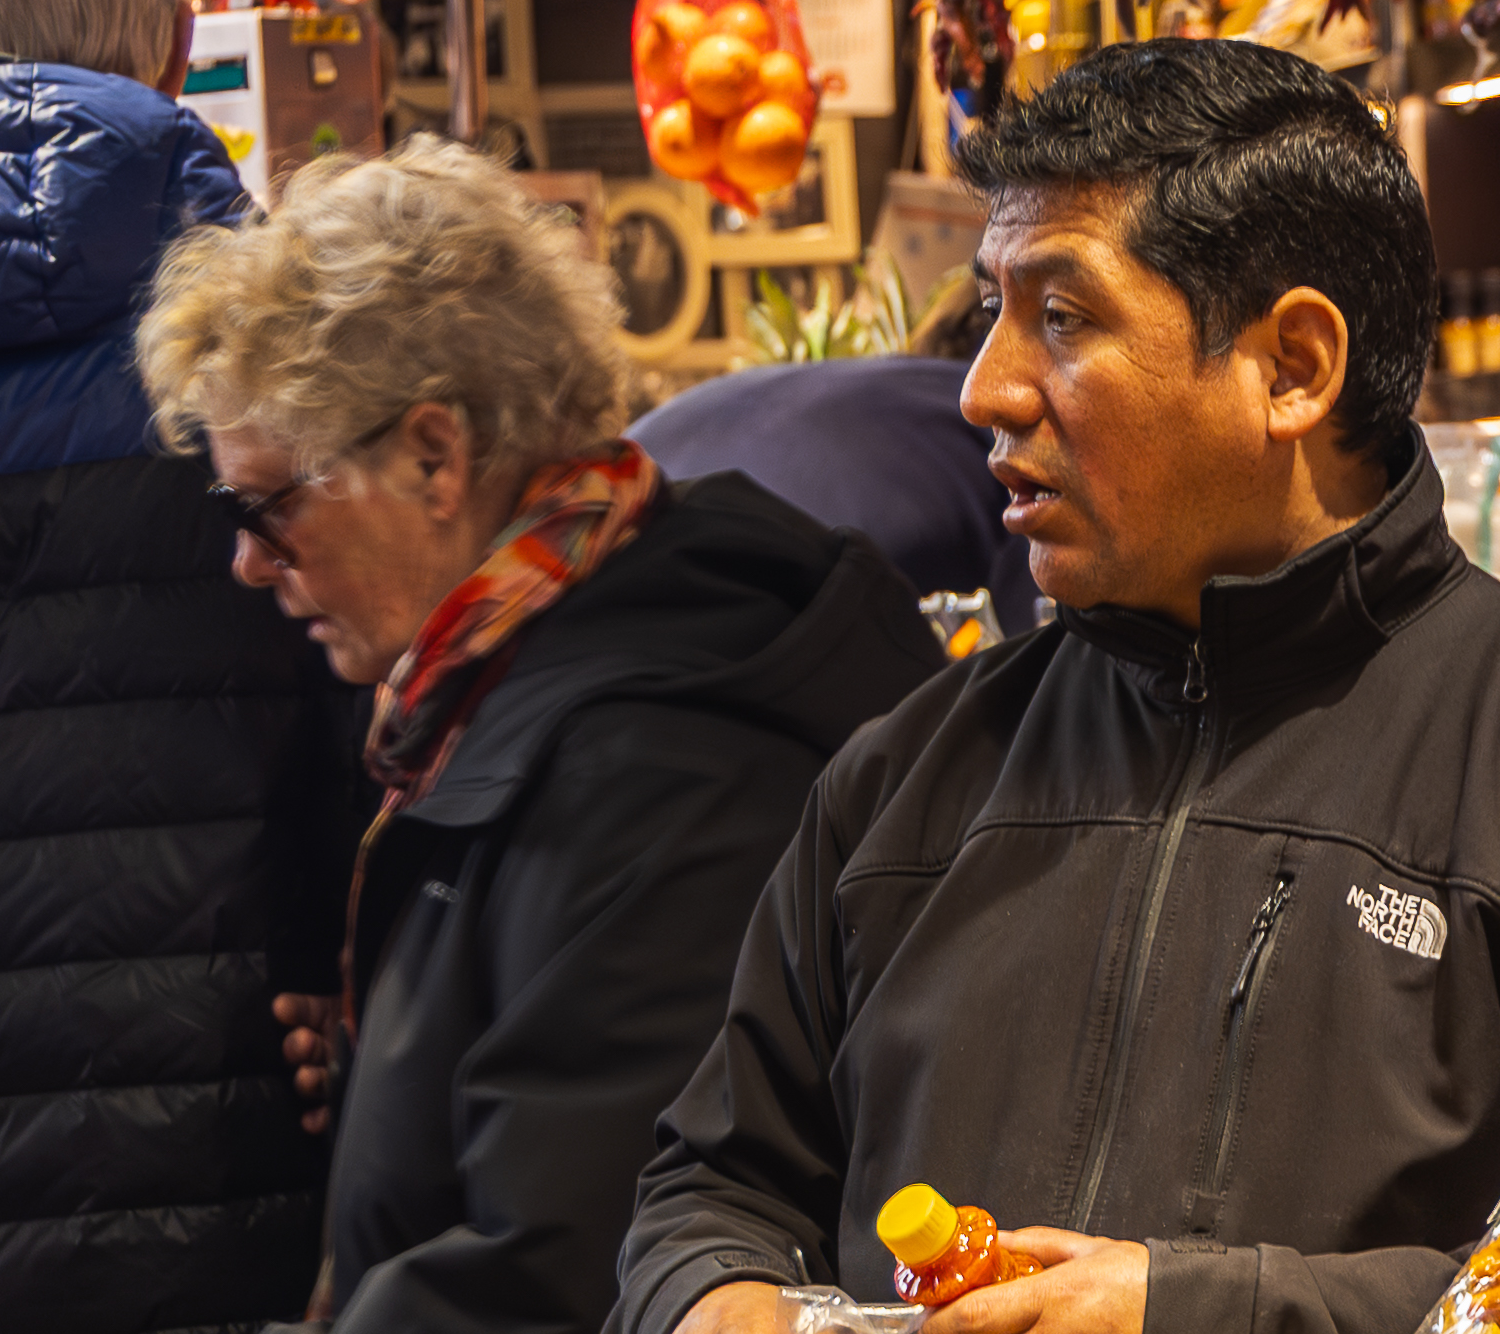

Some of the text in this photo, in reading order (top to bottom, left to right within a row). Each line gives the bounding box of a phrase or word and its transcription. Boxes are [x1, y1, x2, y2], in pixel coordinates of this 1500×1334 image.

[1346, 885, 1415, 933] NORTH
[1379, 883, 1421, 916] THE
[1358, 911, 1411, 951] FACE
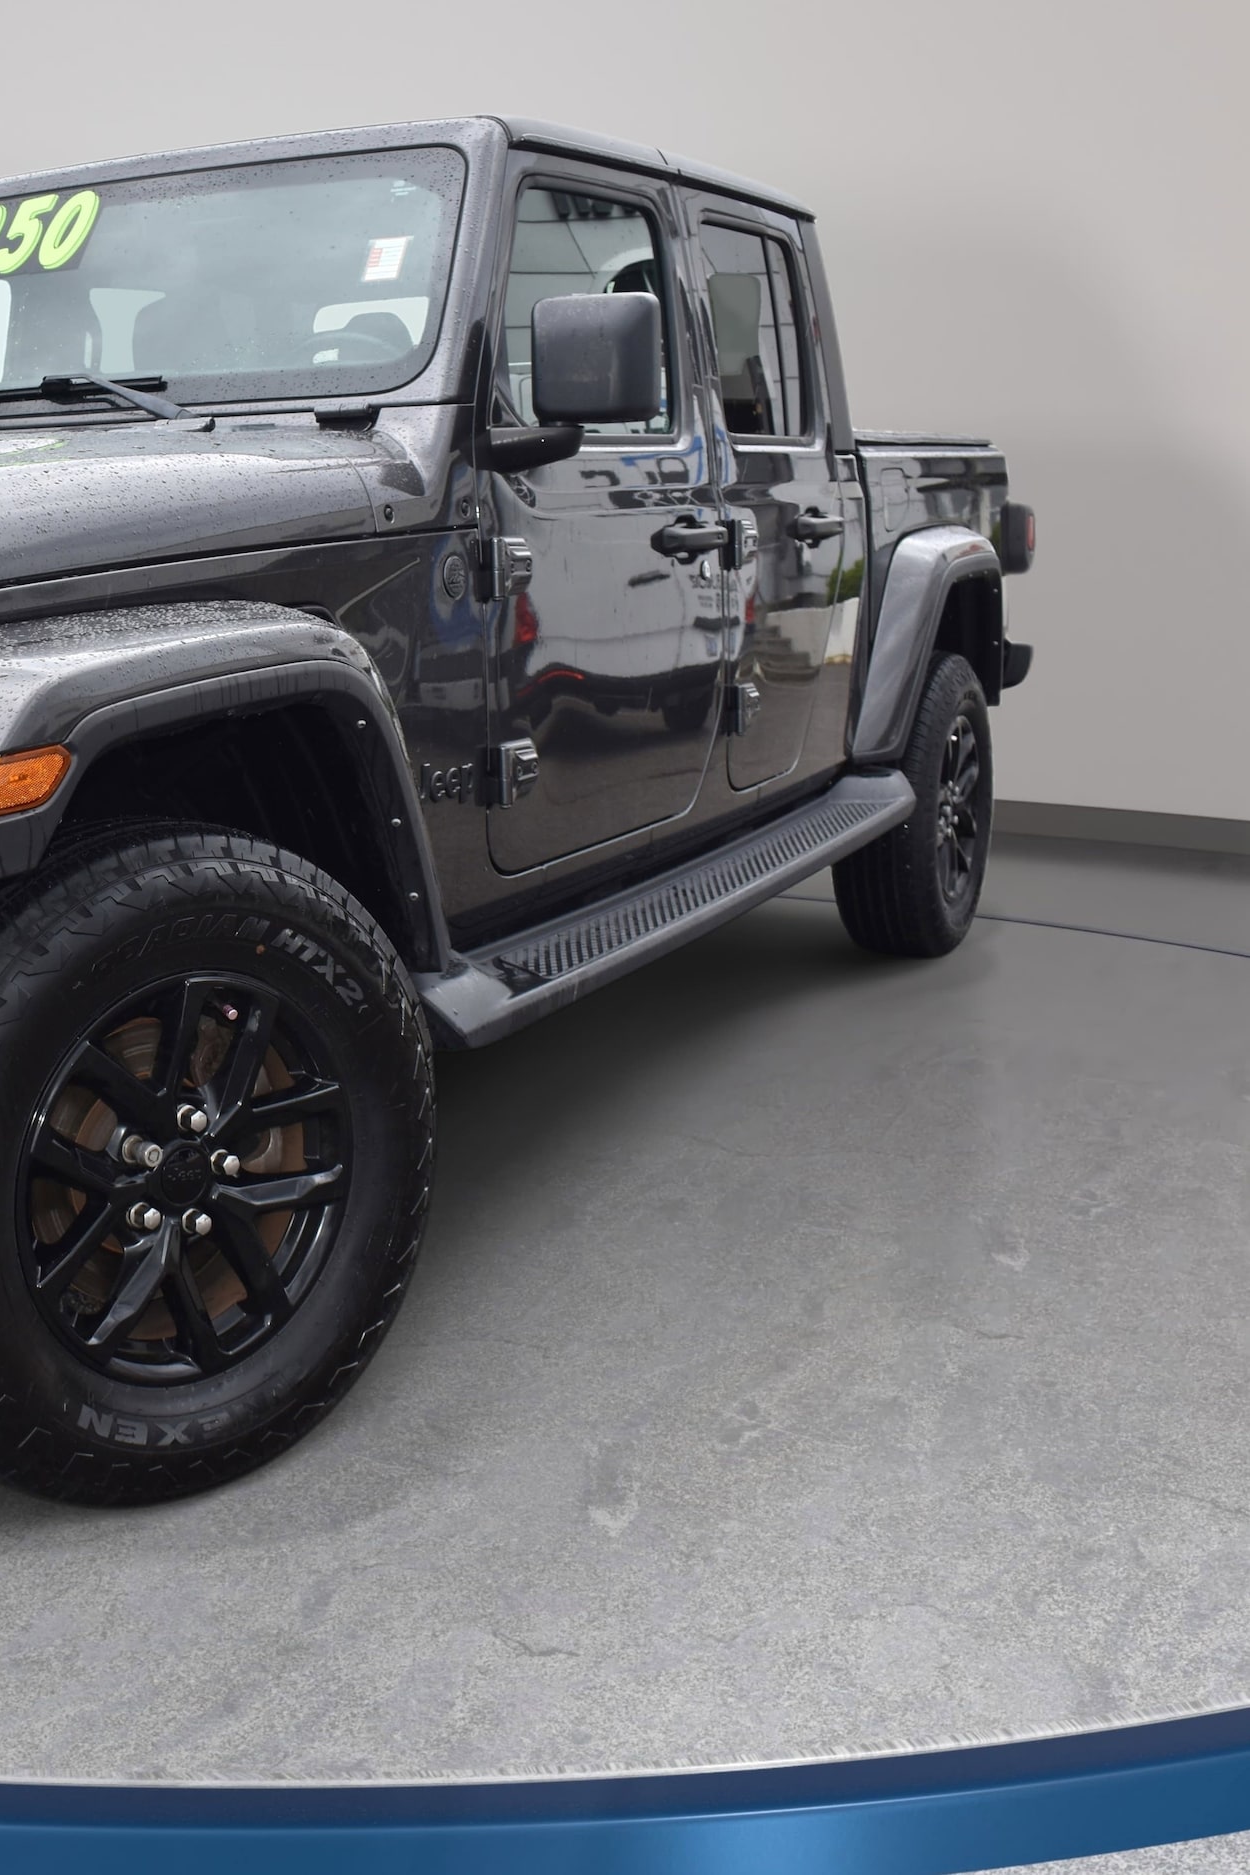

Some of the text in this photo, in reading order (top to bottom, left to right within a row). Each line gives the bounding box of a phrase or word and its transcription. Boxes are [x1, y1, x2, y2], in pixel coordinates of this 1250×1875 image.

[419, 762, 474, 804] Jeep
[270, 927, 365, 1006] HTX2
[76, 1401, 258, 1446] EXEN

WHAT IS BEING ASKED: Your reply must contain the line with "this 1250×1875 image." and each later line of the material, word for word, and nothing else.

ANSWER SPACE:
Some of the text in this photo, in reading order (top to bottom, left to right within a row). Each line gives the bounding box of a phrase or word and its transcription. Boxes are [x1, y1, x2, y2], in pixel coordinates of this 1250×1875 image.

[419, 762, 474, 804] Jeep
[270, 927, 365, 1006] HTX2
[76, 1401, 258, 1446] EXEN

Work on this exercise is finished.